/data-extraction

Python script to extract host-virus articles from various databases

Primary LanguagePython

data-extraction

Overview

This Python script search research articles with coocurrence of a virus and any of the 70 genera of North American rodents. The script incorporates searching the following databases: Pubmed Central (pmc), Pubmed, Scopus and Google Scholar. The search algorithm employs various names (genus name, scientific name - genus + epithet, common name, genus synonyms, epithet synonyms) to build different variations of search queries for different databases. To restrict the number of resulting articles, I have used a threshold limit (=500). If a query results in articles more than the threshold limit, the query is restricted using various approaches to bring the numbers below the threshold limit. The script results in a RIS-format citation file for the resulting articles and a report detailing the search results for each individual genus.

Input data files

The following input files are used to extract information about North American rodents to build search queries, which are stored in the 'data' folder:

  • MDD_v1.6_allSynonyms_NAm_Rodentia.csv The file contains the details of the 70 genera of North American rodents, including species names for each genera, their synonyms, and common names.
  • MDD_genus_syn_8Oct2021_NAmRodentia.csv The file contains the synonyms for the 70 genera of North American rodents.

Query-building

Each database use their own custom unique formats and techniques to build search queries. Here, I will explain the general approach we have taken to build search queries for each database. The general format of the query is: (virus or viruses or viral) AND (X1 OR X2 OR X3 OR ...) where X1, X2, X3... represent genus names, scientific names, genus synonyms, scientific names with epithet synonyms, and common names.

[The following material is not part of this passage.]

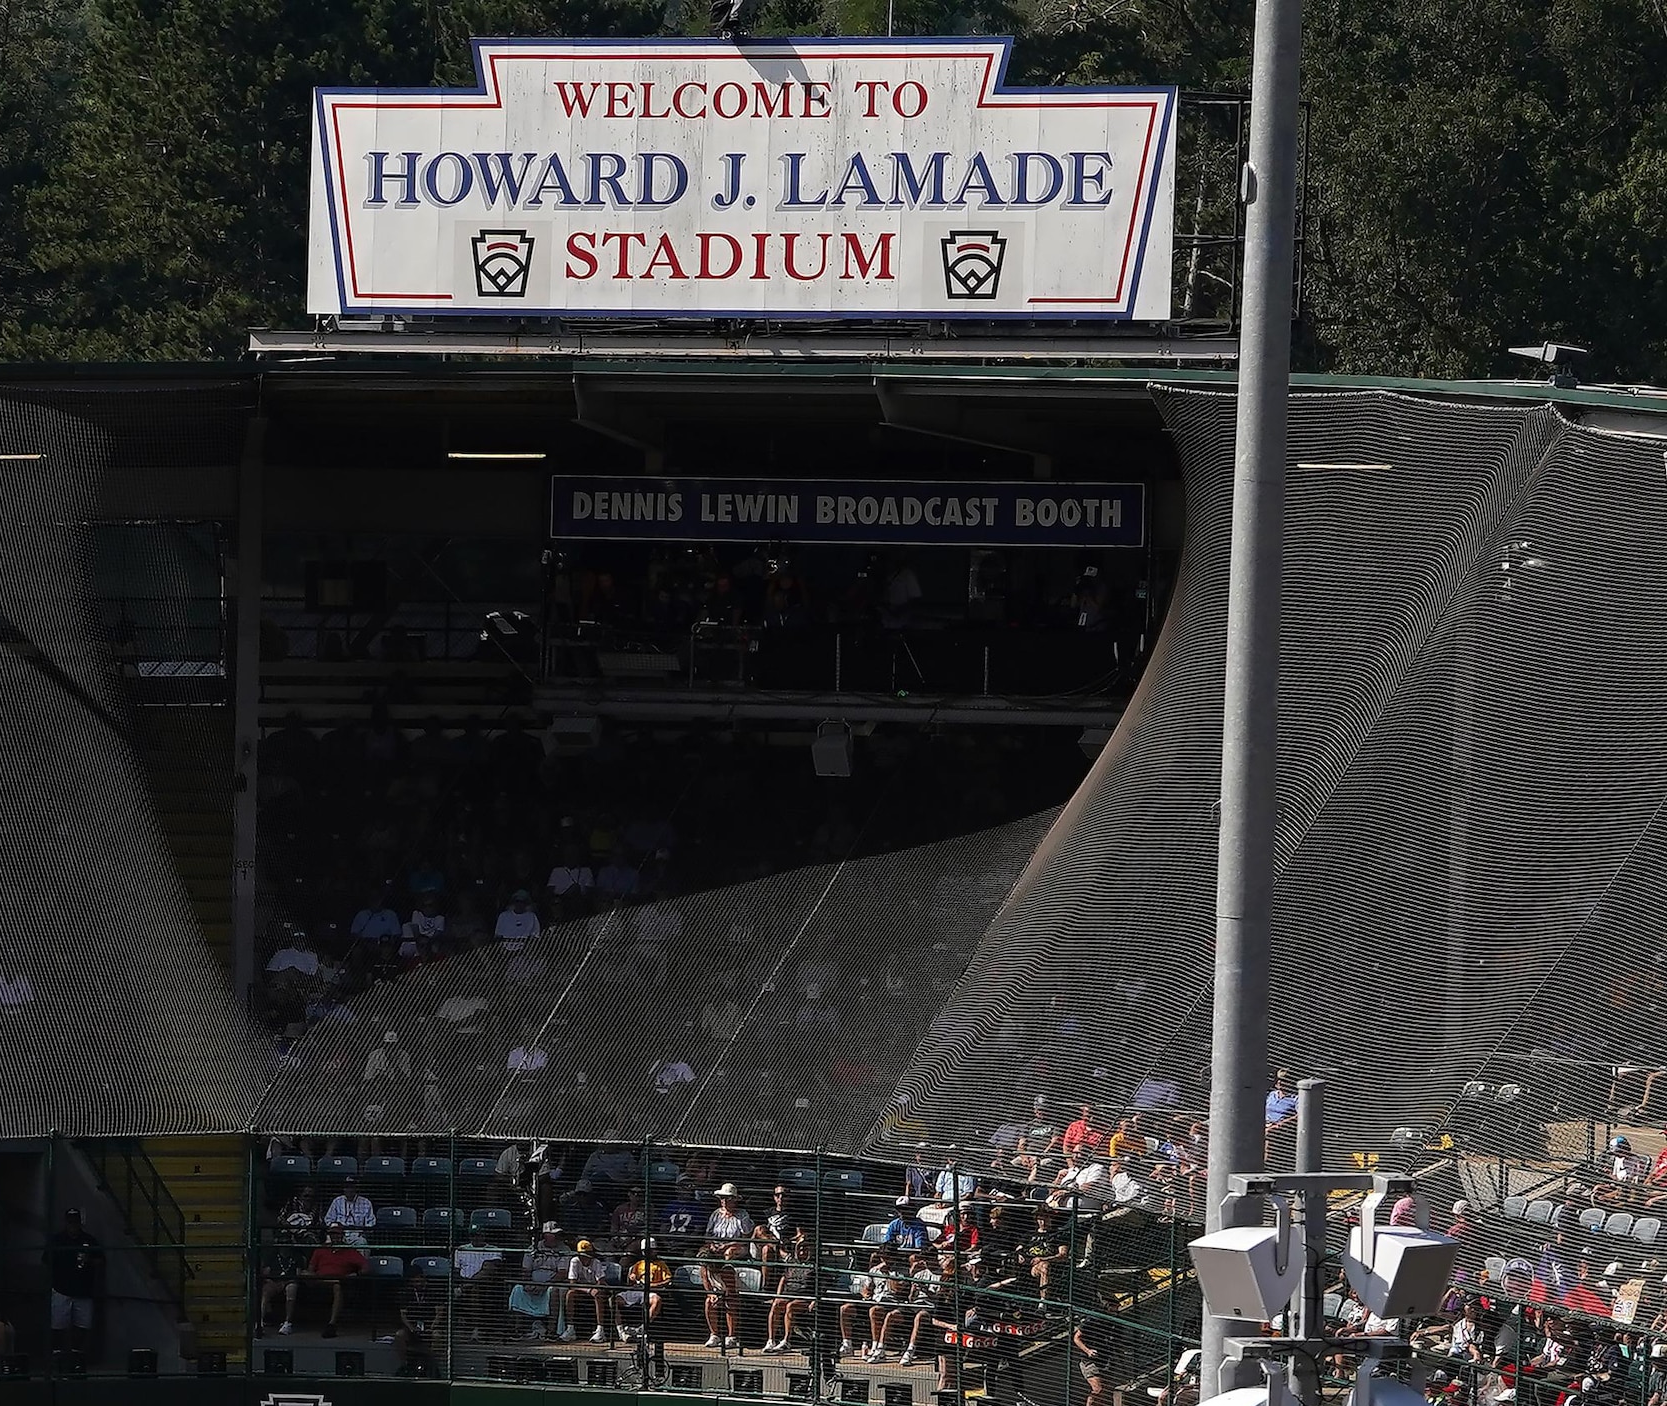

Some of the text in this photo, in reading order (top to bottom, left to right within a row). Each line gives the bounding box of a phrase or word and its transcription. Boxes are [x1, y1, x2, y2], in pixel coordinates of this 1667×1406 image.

[554, 80, 929, 119] WELCOME TO
[363, 151, 1114, 210] HOWARD J. LAMADE
[565, 231, 897, 281] STADIUM
[573, 492, 1123, 529] DENNIS LEWIN BROADCAST BOOTH
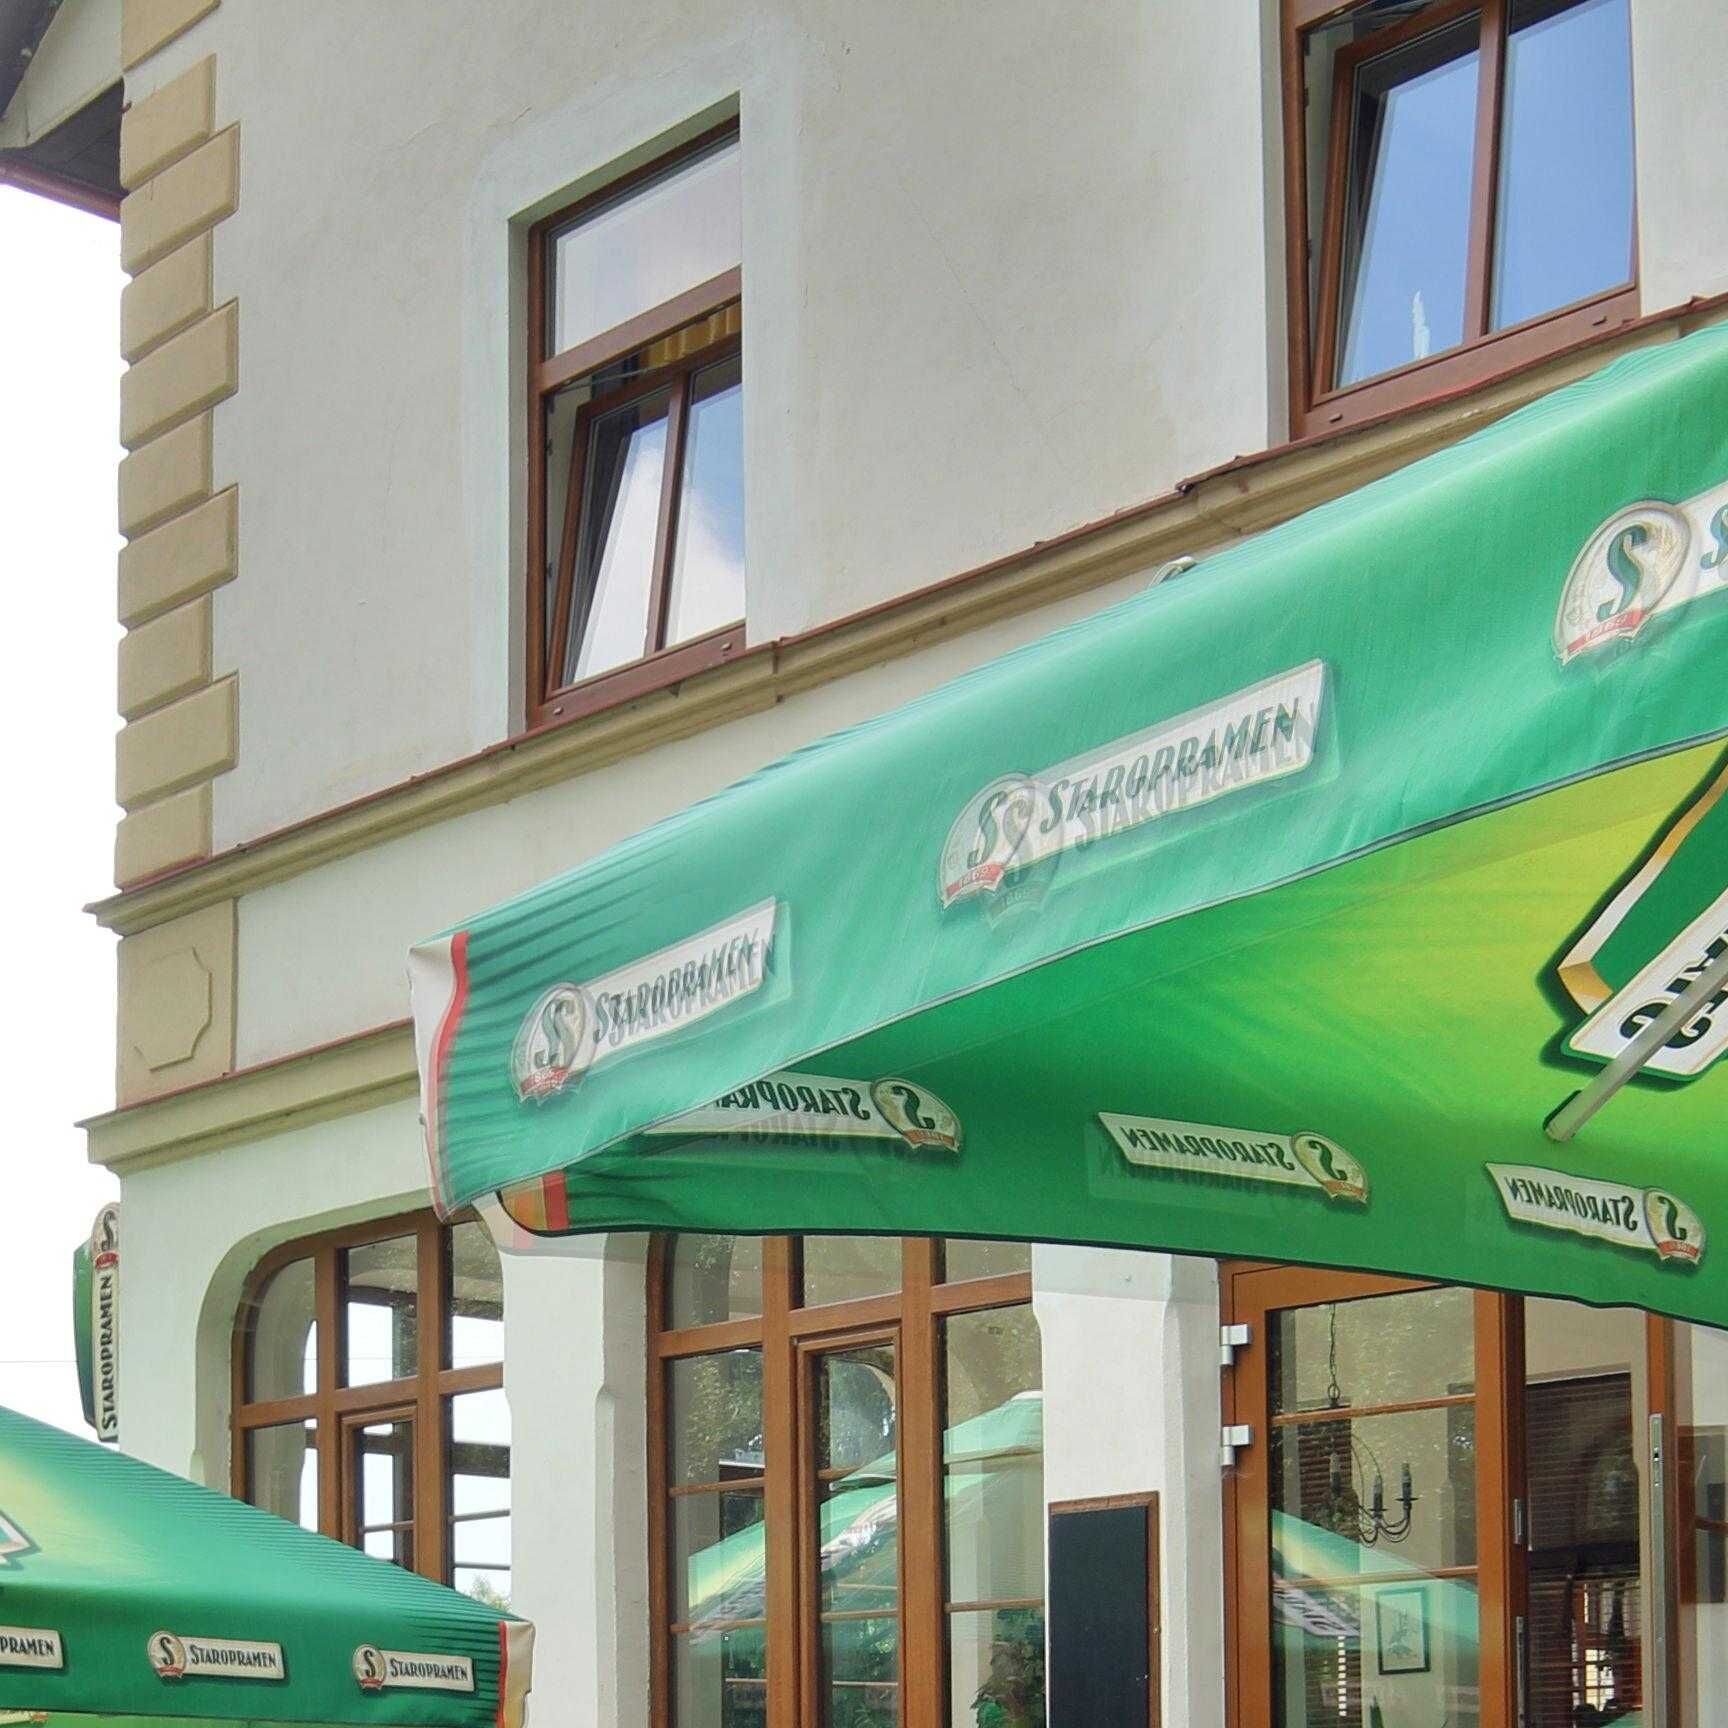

Pubmed Central (pmc) and Pubmed

For pmc and Pubmed, the initial scope of search queries is 'All Fields', and the search terms (X1, X2, X3...) use genus names, genus synonyms and common names. If the search query results in more than 500 articles (i.e. threshold limit), we restrain search queries by (i) restricting the scope to 'Title/Abstract', or (ii) restricting search terms by replacing genus name with scientific name (using a combination of genus and epithet synonyms).

Scopus

For Scopus database, the scope of search queries is set to 'Title/Abstract/Keywords'. We use the same approach as in pmc/pubmed for search terms - initially, genus names, genus synonyms and common names are used, but if the search results exceed threshold limit, genus names are replaced by scientific names.